Erythrocytes possess a Cl-dependent, Na-independent K transport system cotransporting K and Cl in a 1:1 stoichiometry that is membrane potential independent. This K-Cl cotransporter is stimulated by cell swelling, acidification, Mg depletion, and thiol modification. Cell shrinkage, elevation of cellular divalent ions, thiol alkylation, phosphatase inhibitors, and derivatives of certain loop diuretics and stilbenes are inhibitory. Thus regulation of K-Cl cotransport at the membrane and cytoplasmic levels is highly complex.
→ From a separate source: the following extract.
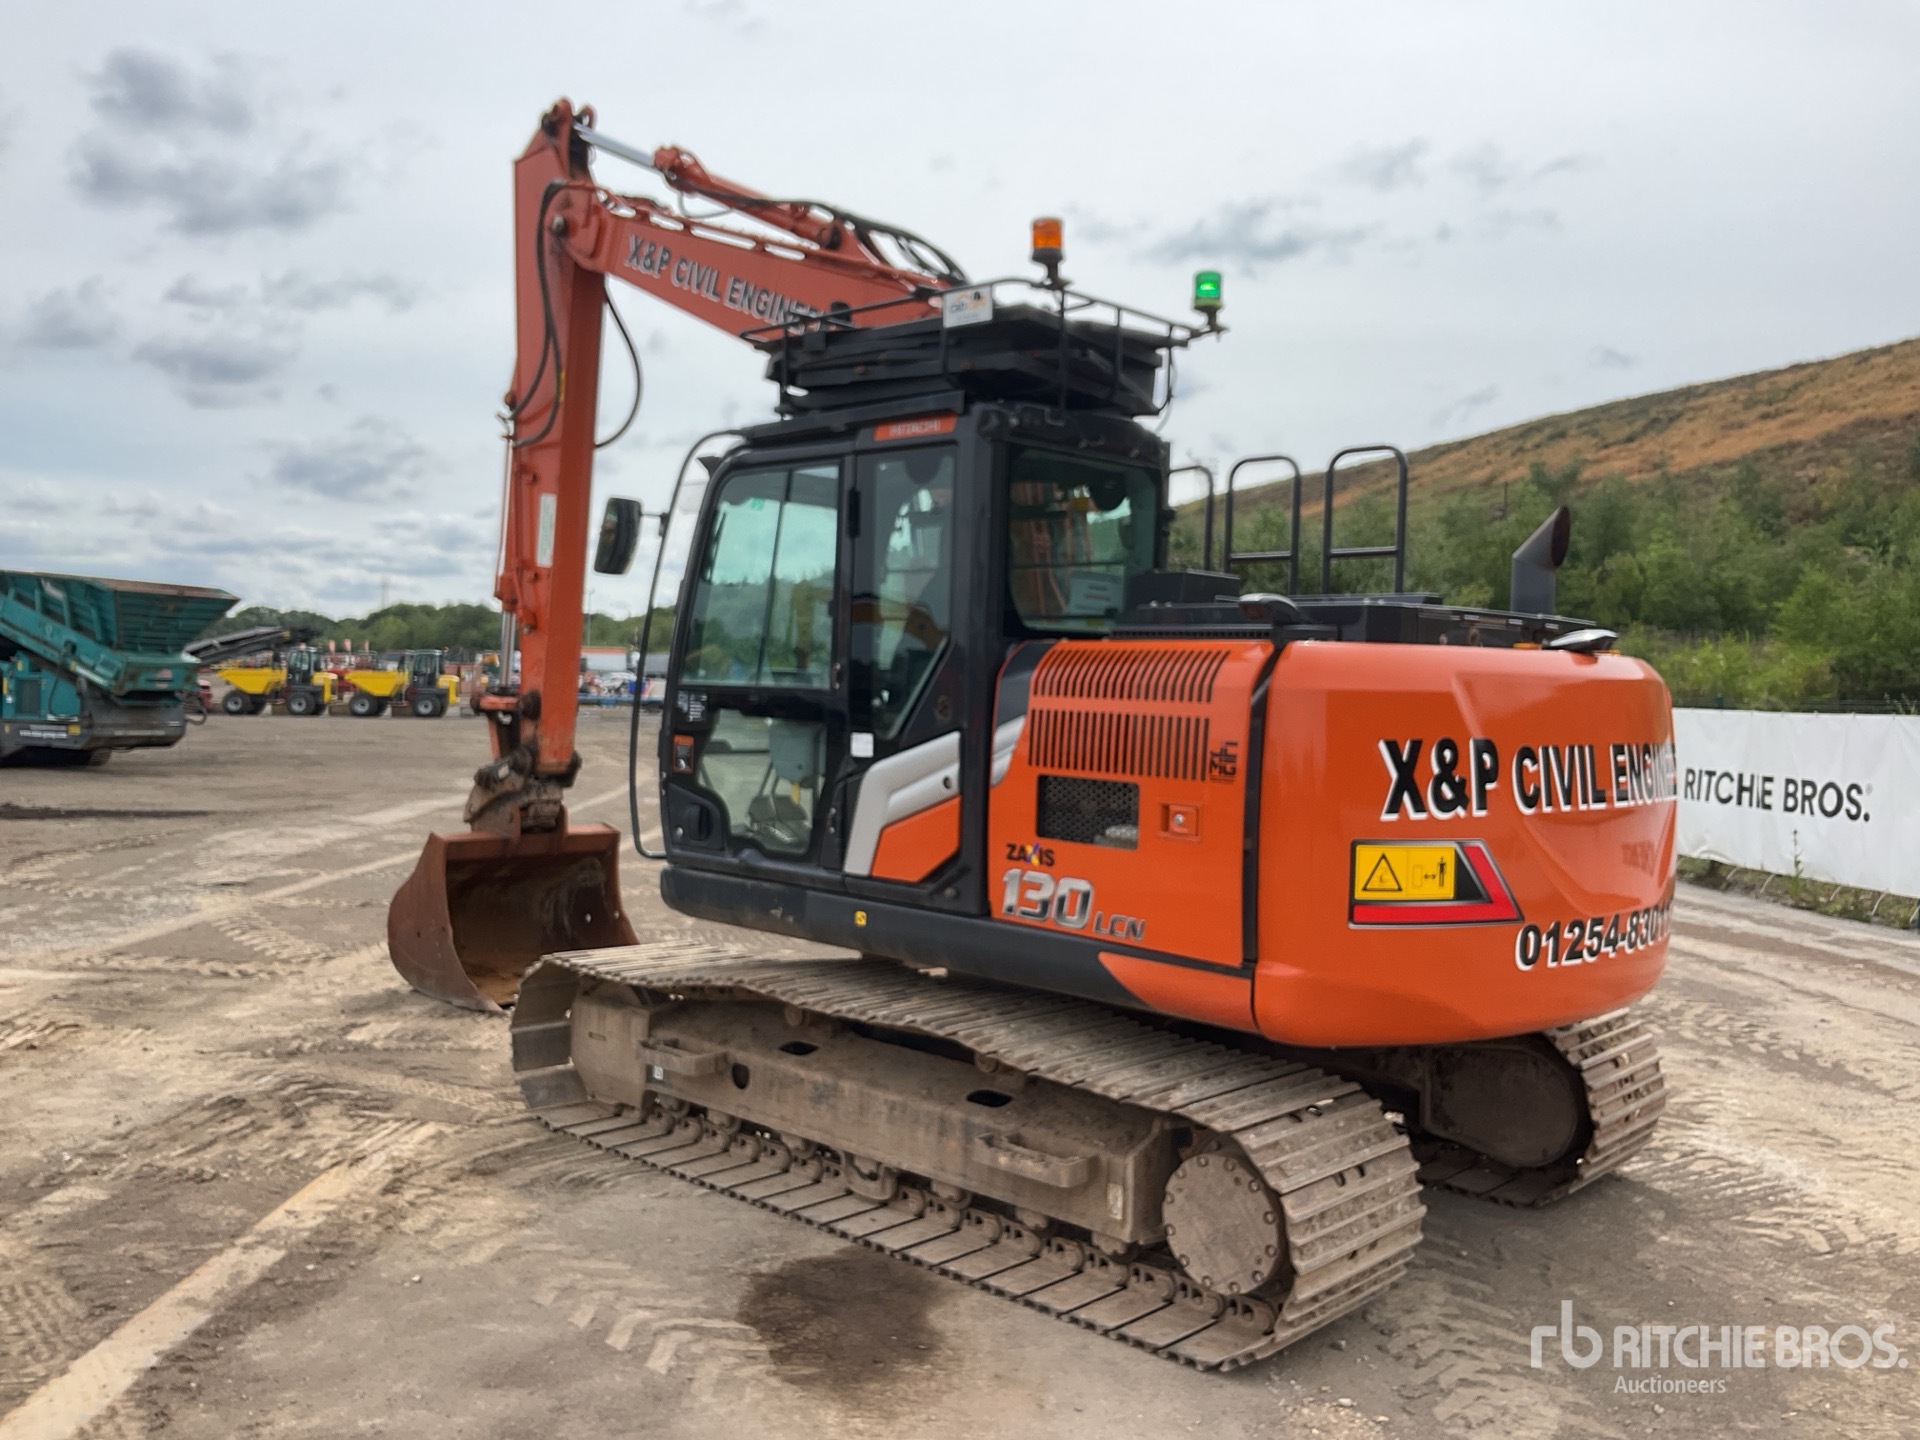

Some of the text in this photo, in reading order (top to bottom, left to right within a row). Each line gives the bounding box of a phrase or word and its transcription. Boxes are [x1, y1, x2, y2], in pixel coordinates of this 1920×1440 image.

Basal K-Cl cotransport decreases with cellular maturation, whereas its modes of stimulation and inhibition are variable between species. The physiological inactivation appears to be prevented in low-K animal erythrocytes. In certain human hemoglobinopathies, K-Cl cotransport may be the cause of cellular dehydration and volume decrease. K-Cl cotransport occurs also in nonerythroid cells, such as in epithelial and liver cells of other species. At the threshold of molecular characterization, this comprehensive review places our present understanding of the mechanisms modulating K-Cl cotransport physiologically and pathophysiologically into kinetic and thermodynamic perspectives.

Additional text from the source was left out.